Salta, per ora, L’emendamento di Fdi, inserito surrettiziamente nel decreto Ilva, sui crediti da lavoro, un nuovo gravissimo attacco ai diritti dei lavoratori.
Ma non stiamo sereni perché lo stesso presentatore ha promesso di reinserirlo in un nuovo decreto o disegno di legge alla prima occasione.
Chiarisco il contenuto e la ratio di questa proposta affinché si colga fino in fondo l’attacco al lavoro che contiene e il suo carattere anticostituzionale e ci teniamo pronti a contrastarlo come merita.
Il provvedimento Introduce un principio in base al quale le lavoratrici e i lavoratori sarebbero costretti per rivendicare differenze retributive dovute e non gli sono state riconosciute dal padrone (straordinari non pagati sotto inquadramento eccetera) a richiederle mentre sono ancora al lavoro per evitarne la prescrizione.
Si tratta di un vergognoso colpo di mano in contrasto con la giurisprudenza della Corte Costituzionale e della Cassazione in materia di tutela dei crediti dei lavoratori, che proprio in considerazione della ricattabilità dei lavoratori, cadute le tutele dell’art. 18, aveva stabilito che si possono rivendicare tutte le differenze retributive maturate in corso di rapporto entro cinque anni dalla cessazione del rapporto stesso.

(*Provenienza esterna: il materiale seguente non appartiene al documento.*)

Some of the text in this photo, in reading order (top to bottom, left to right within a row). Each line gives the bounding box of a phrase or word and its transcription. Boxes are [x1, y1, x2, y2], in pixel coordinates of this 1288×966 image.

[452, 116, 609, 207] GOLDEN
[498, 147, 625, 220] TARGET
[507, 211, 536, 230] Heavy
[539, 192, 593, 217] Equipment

Non basta nello stesso emendamento è contenuto un attacco al diritto costituzionale, ribadito recentemente dalla Corte di Cassazione, a una retribuzione proporzionata alla quantità e qualità del lavoro e comunque sufficiente ad assicurare al lavoratore ed alla sua famiglia una vita libera e dignitosa.
Si stabilisce infatti che non si potrebbe contestare la retribuzione ricevuta se non nei casi di “grave inadeguatezza dello standard stabilito dal contratto collettivo” .

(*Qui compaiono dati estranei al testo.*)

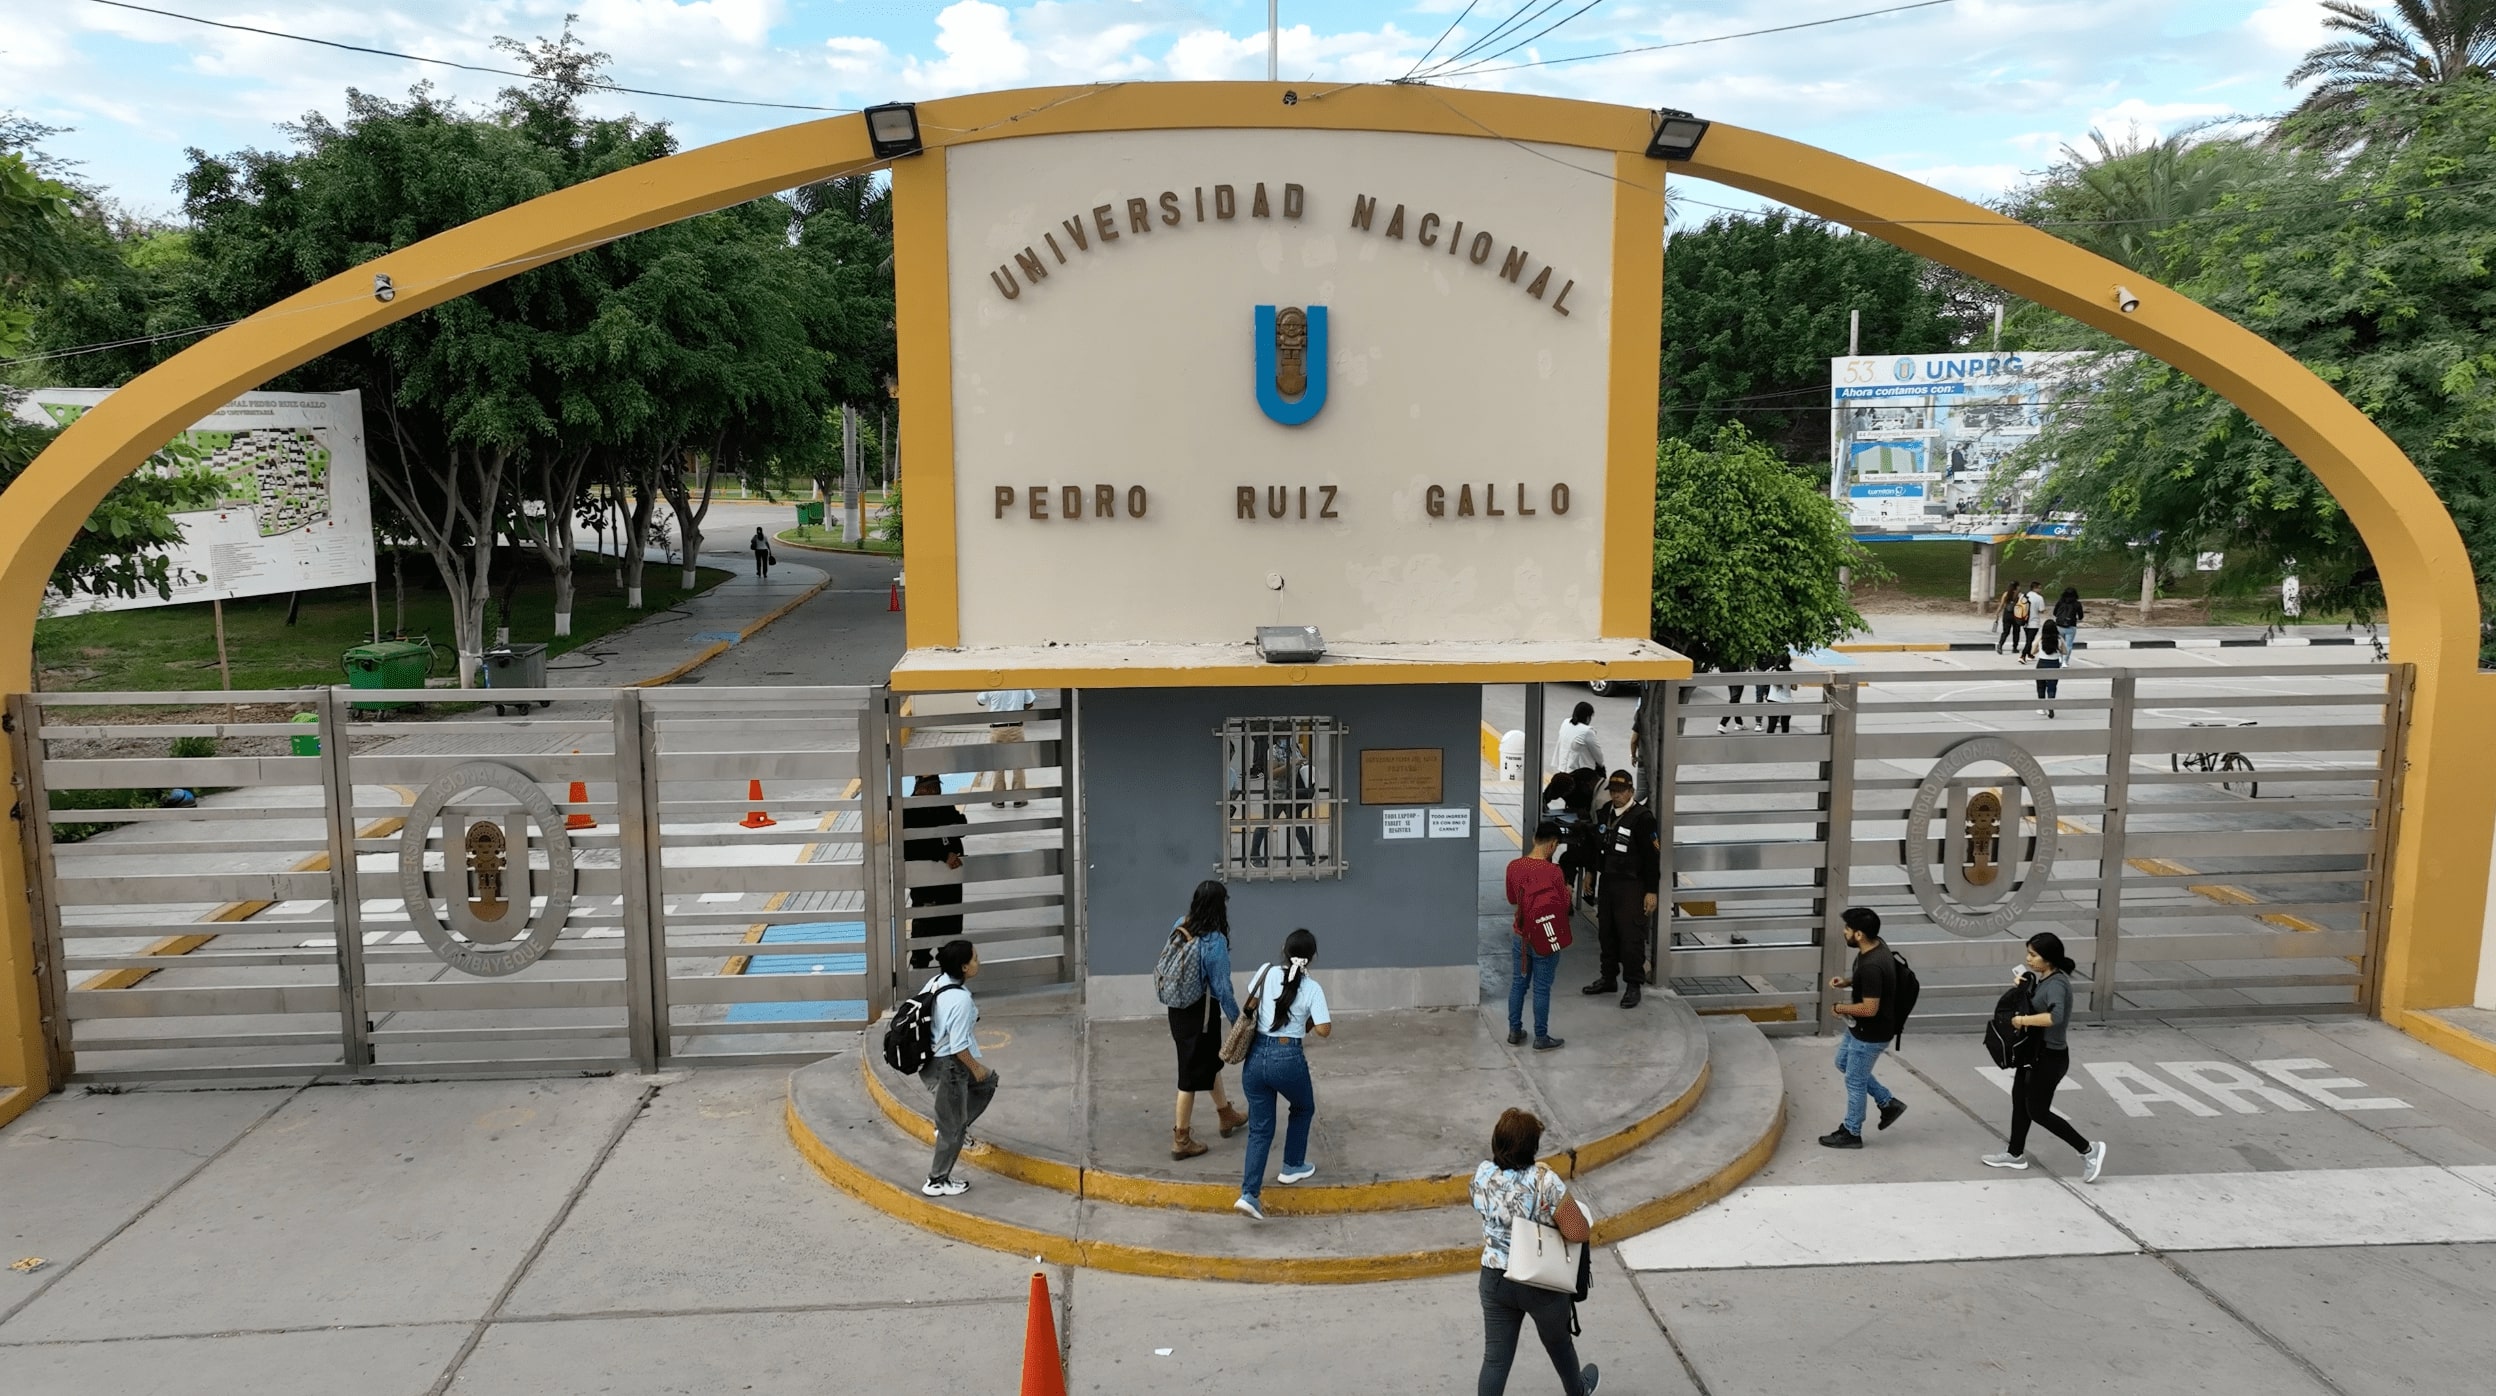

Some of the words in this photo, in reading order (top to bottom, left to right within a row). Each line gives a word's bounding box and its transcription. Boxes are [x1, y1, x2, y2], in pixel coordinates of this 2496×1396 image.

Ma c’è ancora di peggio! Anche nel caso in cui un giudice dovesse accertare la “grave inadeguatezza della retribuzione rispetto a livelli minimi di sufficienza e proporzionalità , il lavoratore non potrà ottenere le differenze retributive maturate prima dell’invio della lettera con cui interrompe la prescrizione, ma solo quelle successive. Un vero e proprio colpo di spugna su tutte quelle cause, alcune ancora in corso, con cui migliaia di lavoratori chiedono un risarcimento per anni di retribuzioni considerate insufficienti a garantire loro un’esistenza libera e dignitosa.
Un nuovo atto dell’arroganza del potere nello stile del Jobs Act di Renzi: si riconosce l’illegittimità di un fatto ai danni dei lavoratori ma non ricevono giustizia.
Un nuovo grande regalo alle imprese violando il diritto e la Costituzione.